(Excerpts from a dataset)

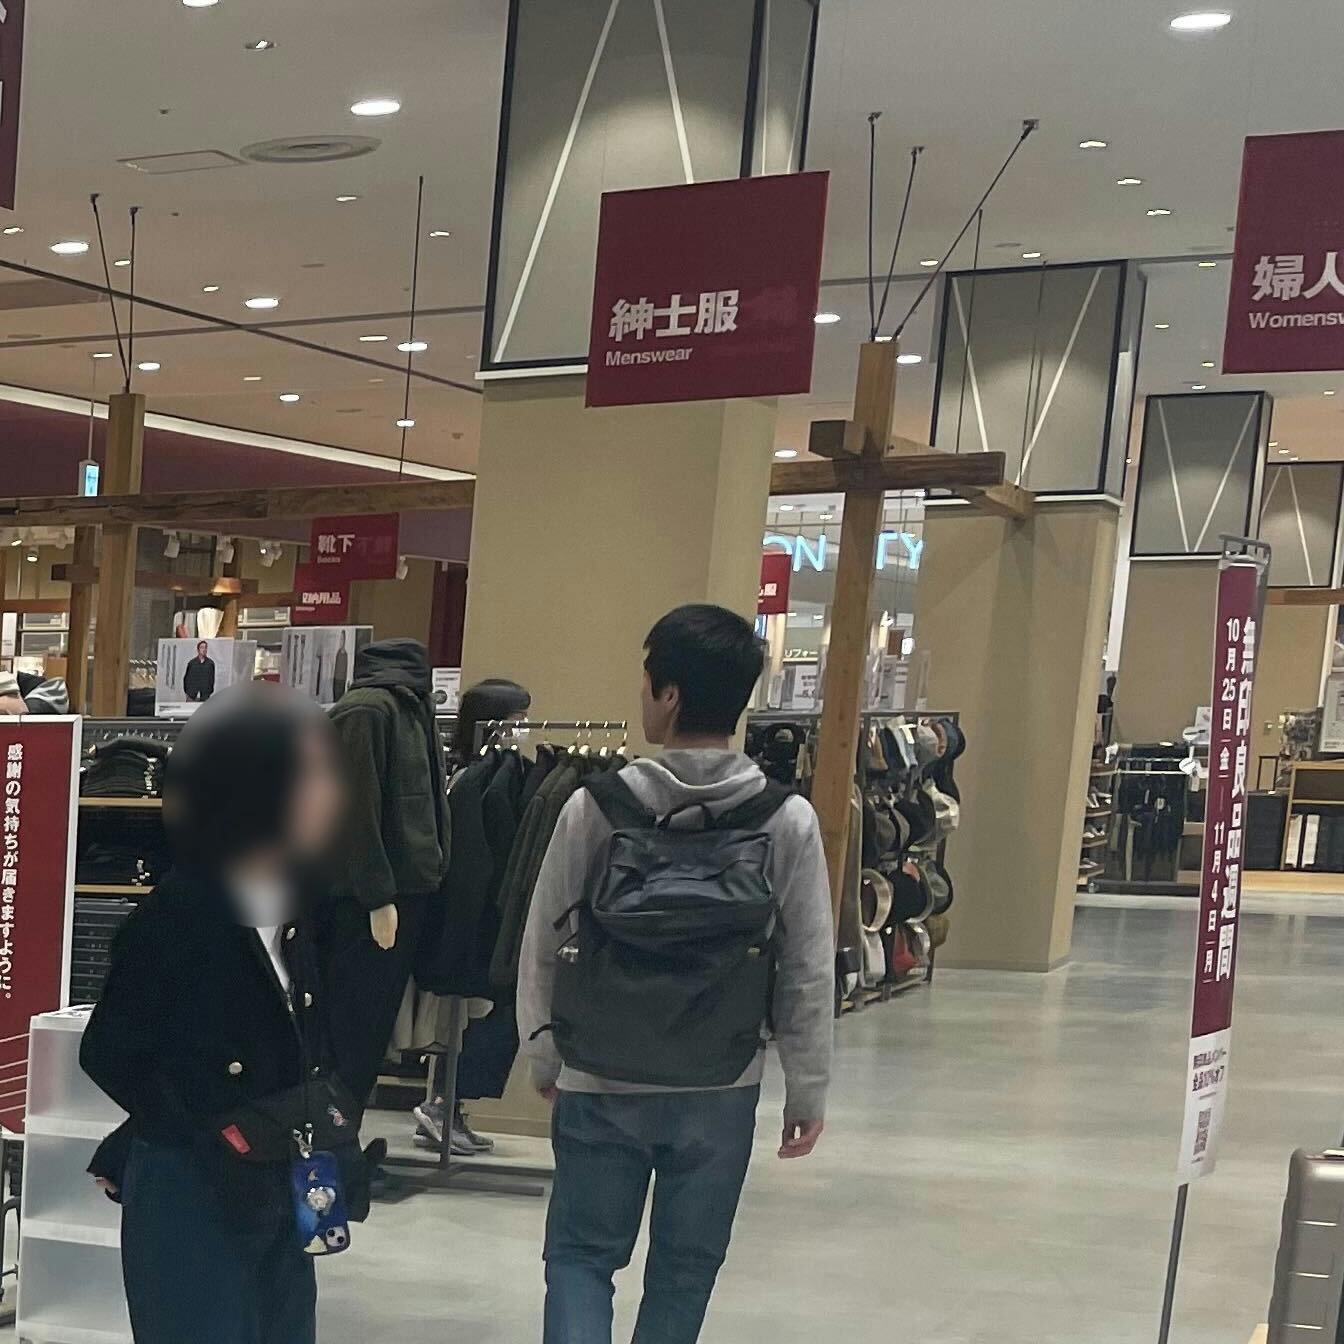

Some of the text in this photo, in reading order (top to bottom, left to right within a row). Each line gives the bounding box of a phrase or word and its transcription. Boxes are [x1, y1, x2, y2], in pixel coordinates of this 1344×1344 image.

[609, 290, 739, 342] 紳士服
[605, 348, 693, 366] Menswear
[318, 534, 355, 553] 靴下
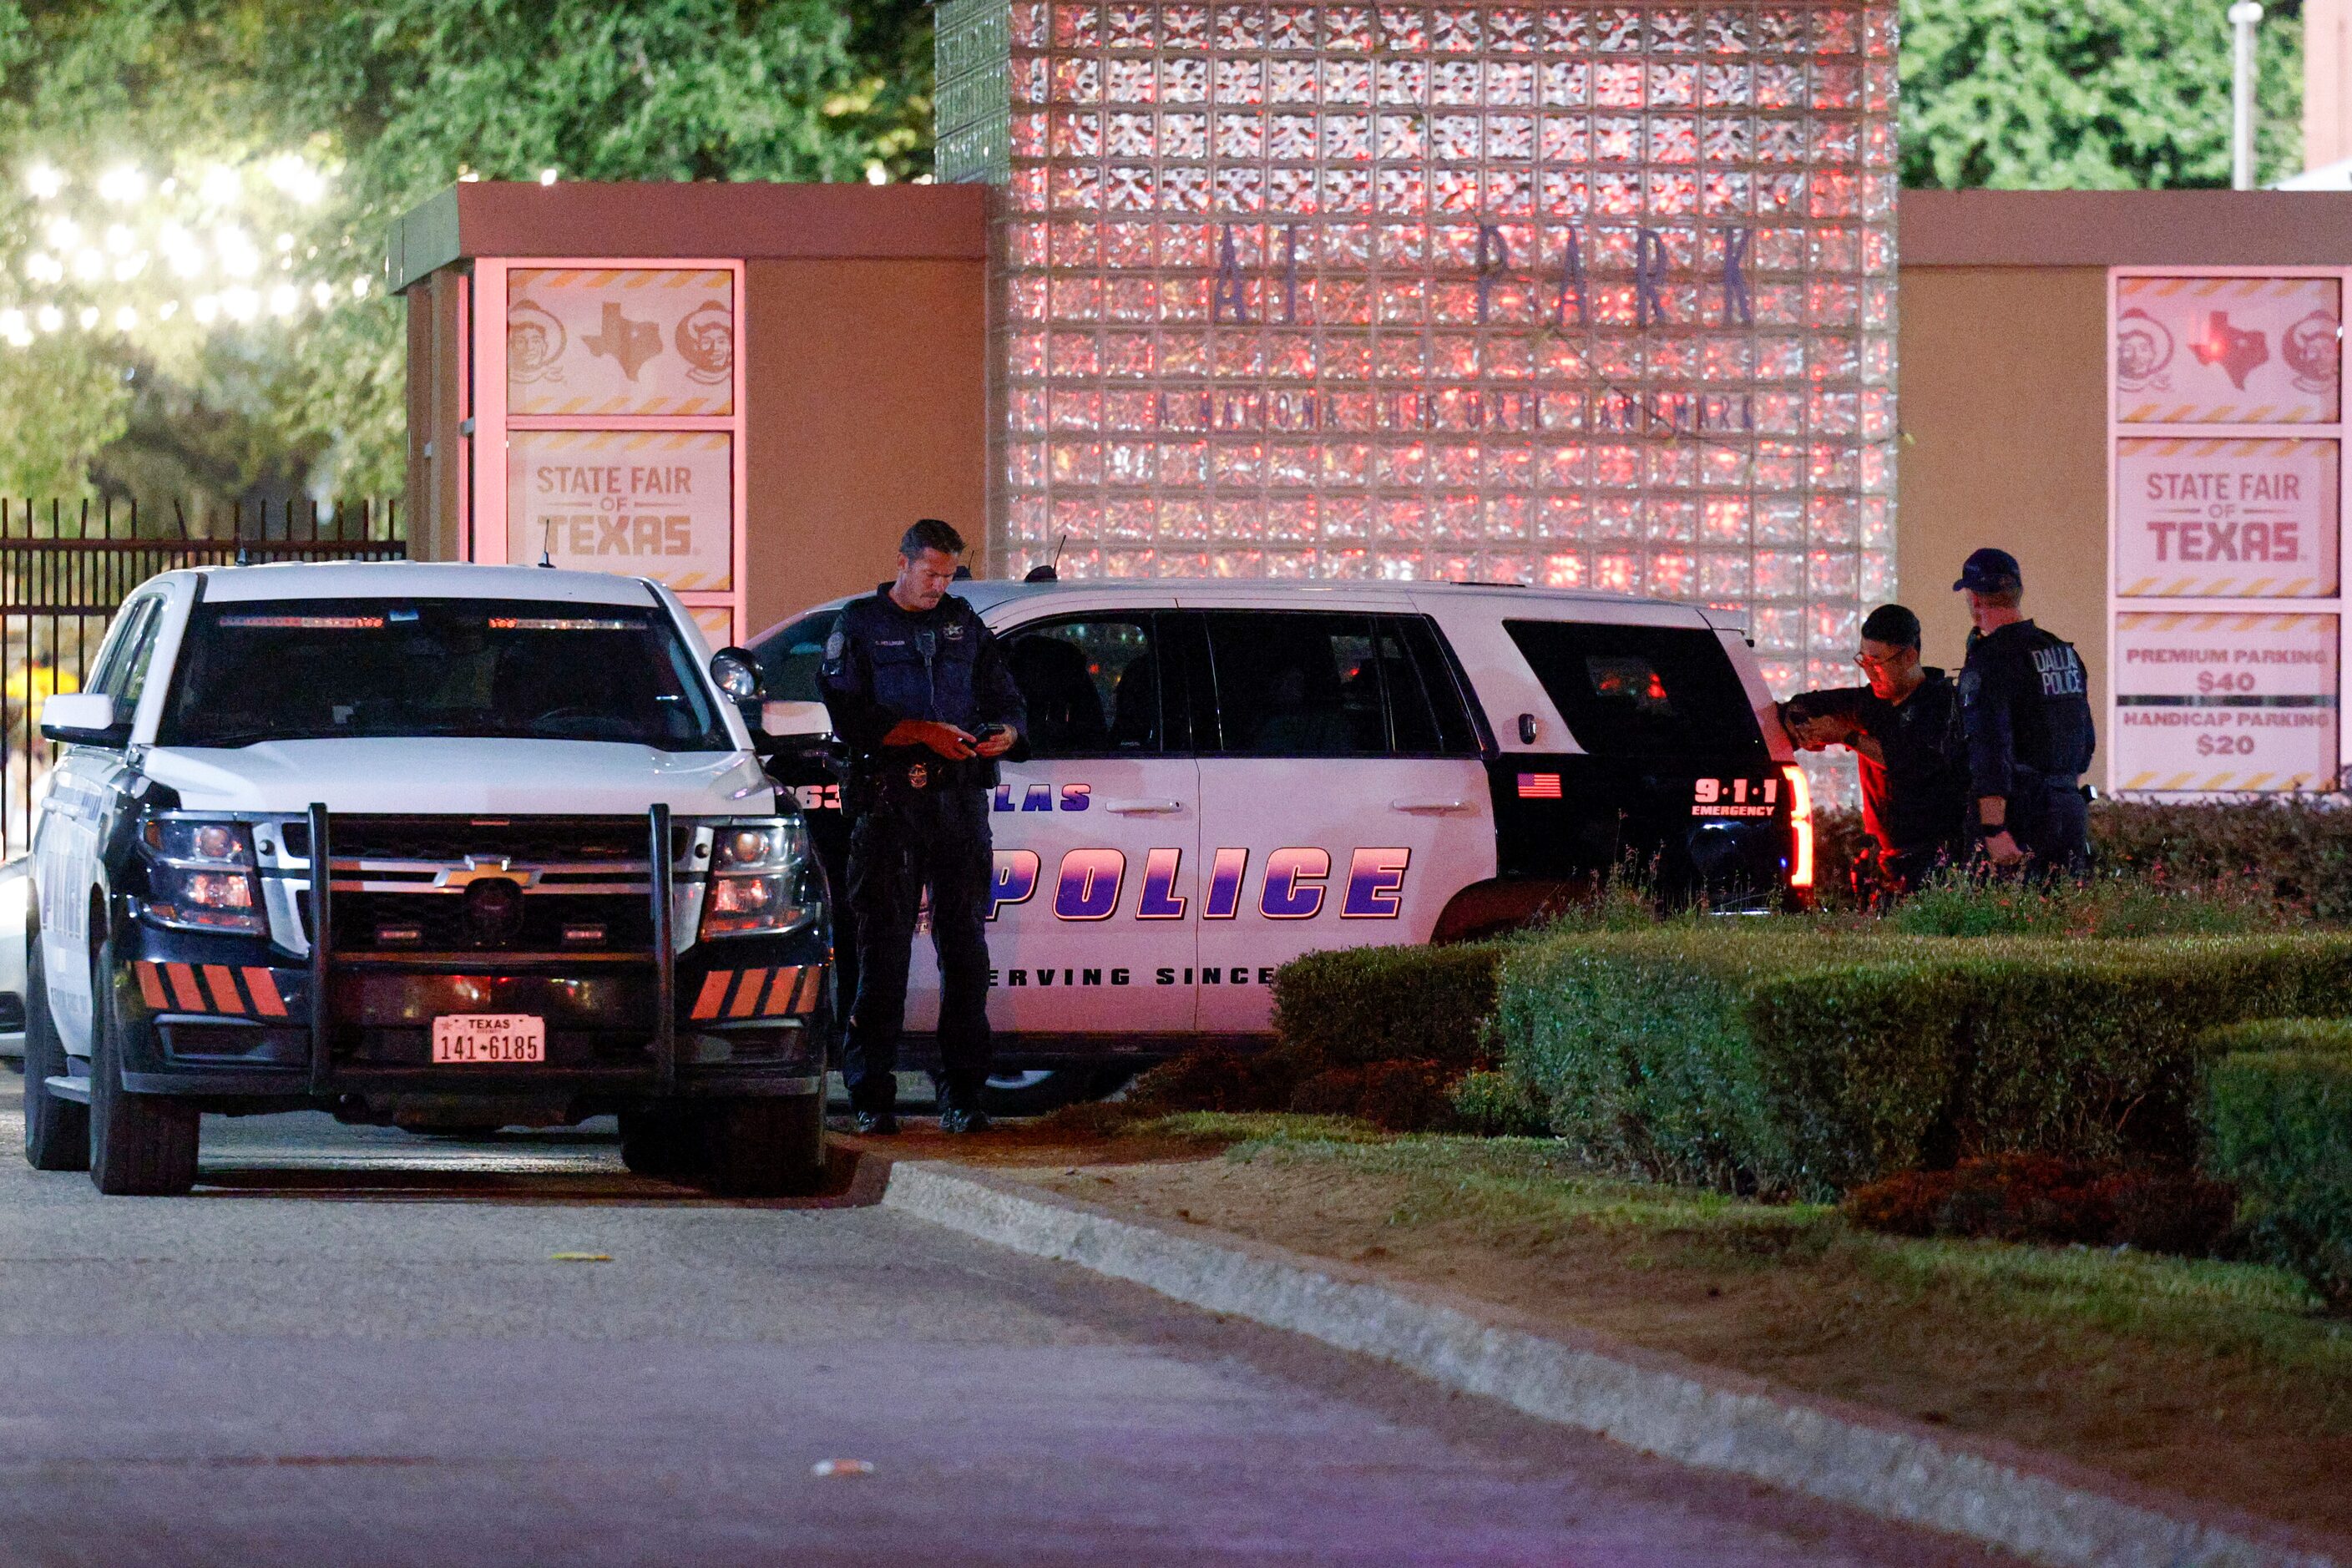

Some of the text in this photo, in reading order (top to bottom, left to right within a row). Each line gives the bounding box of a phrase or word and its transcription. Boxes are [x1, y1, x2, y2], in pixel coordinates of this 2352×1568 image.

[1477, 222, 1757, 328] PARK
[536, 466, 692, 494] STATE FAIR
[2146, 473, 2300, 500] STATE FAIR
[599, 496, 629, 512] OF
[2208, 503, 2236, 519] OF
[537, 514, 691, 555] TEXAS
[2146, 521, 2299, 562] TEXAS
[2031, 645, 2079, 673] DALLA
[2126, 648, 2328, 665] PREMIUM PARKING
[2041, 669, 2083, 695] POLICE
[2196, 670, 2256, 693] $40
[2122, 711, 2329, 728] HANDICAP PARKING
[2196, 732, 2256, 756] $20
[992, 783, 1092, 812] LAS
[1691, 805, 1776, 817] EMERGENCY
[985, 847, 1412, 922] POLICE
[989, 967, 1276, 987] ERVING SINCE
[468, 1019, 511, 1029] TEXAS

What you will do — Exact copies of the line containing "this 2352×1568 image." and of every line after it through the end of the entries are all that should be output.

Output below —
Some of the text in this photo, in reading order (top to bottom, left to right within a row). Each line gives the bounding box of a phrase or word and its transcription. Boxes are [x1, y1, x2, y2], in pixel coordinates of this 2352×1568 image.

[1477, 222, 1757, 328] PARK
[536, 466, 692, 494] STATE FAIR
[2146, 473, 2300, 500] STATE FAIR
[599, 496, 629, 512] OF
[2208, 503, 2236, 519] OF
[537, 514, 691, 555] TEXAS
[2146, 521, 2299, 562] TEXAS
[2031, 645, 2079, 673] DALLA
[2126, 648, 2328, 665] PREMIUM PARKING
[2041, 669, 2083, 695] POLICE
[2196, 670, 2256, 693] $40
[2122, 711, 2329, 728] HANDICAP PARKING
[2196, 732, 2256, 756] $20
[992, 783, 1092, 812] LAS
[1691, 805, 1776, 817] EMERGENCY
[985, 847, 1412, 922] POLICE
[989, 967, 1276, 987] ERVING SINCE
[468, 1019, 511, 1029] TEXAS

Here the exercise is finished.